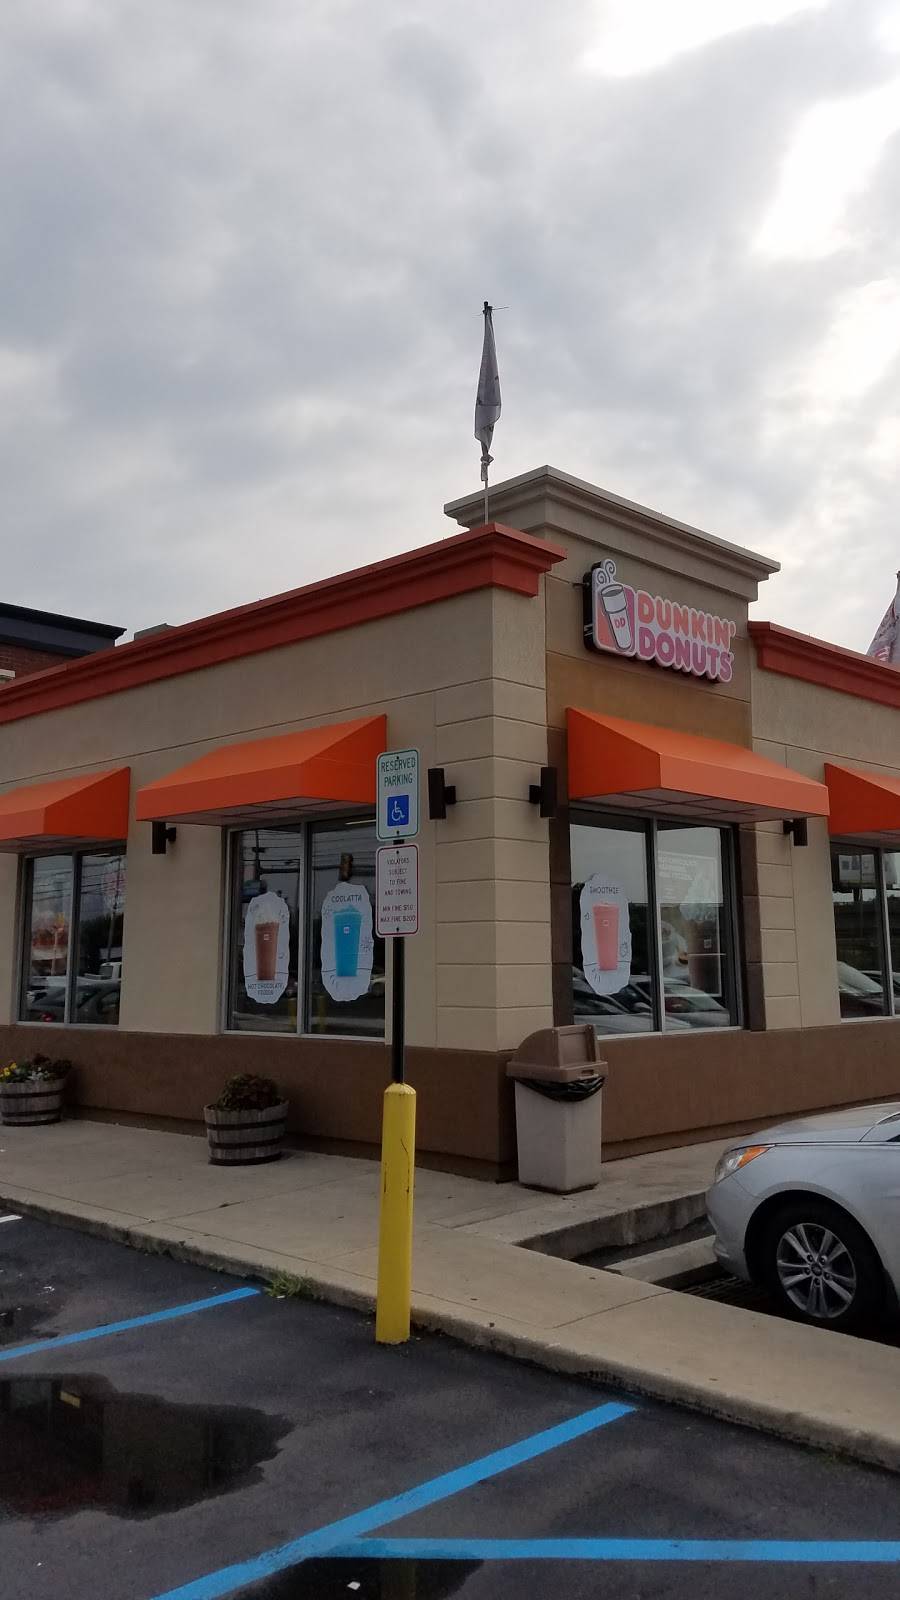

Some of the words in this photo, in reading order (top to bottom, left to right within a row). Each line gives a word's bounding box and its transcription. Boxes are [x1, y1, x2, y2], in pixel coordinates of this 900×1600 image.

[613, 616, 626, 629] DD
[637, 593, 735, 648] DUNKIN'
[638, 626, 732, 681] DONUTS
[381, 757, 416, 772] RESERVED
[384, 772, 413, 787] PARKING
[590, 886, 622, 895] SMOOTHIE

= = = =

_WORK TO COMPLETE_.
The listing above should be repeated word for word, pictures removed.

_RESPONSE BELOW_.
Some of the words in this photo, in reading order (top to bottom, left to right within a row). Each line gives a word's bounding box and its transcription. Boxes are [x1, y1, x2, y2], in pixel coordinates of this 900×1600 image.

[613, 616, 626, 629] DD
[637, 593, 735, 648] DUNKIN'
[638, 626, 732, 681] DONUTS
[381, 757, 416, 772] RESERVED
[384, 772, 413, 787] PARKING
[590, 886, 622, 895] SMOOTHIE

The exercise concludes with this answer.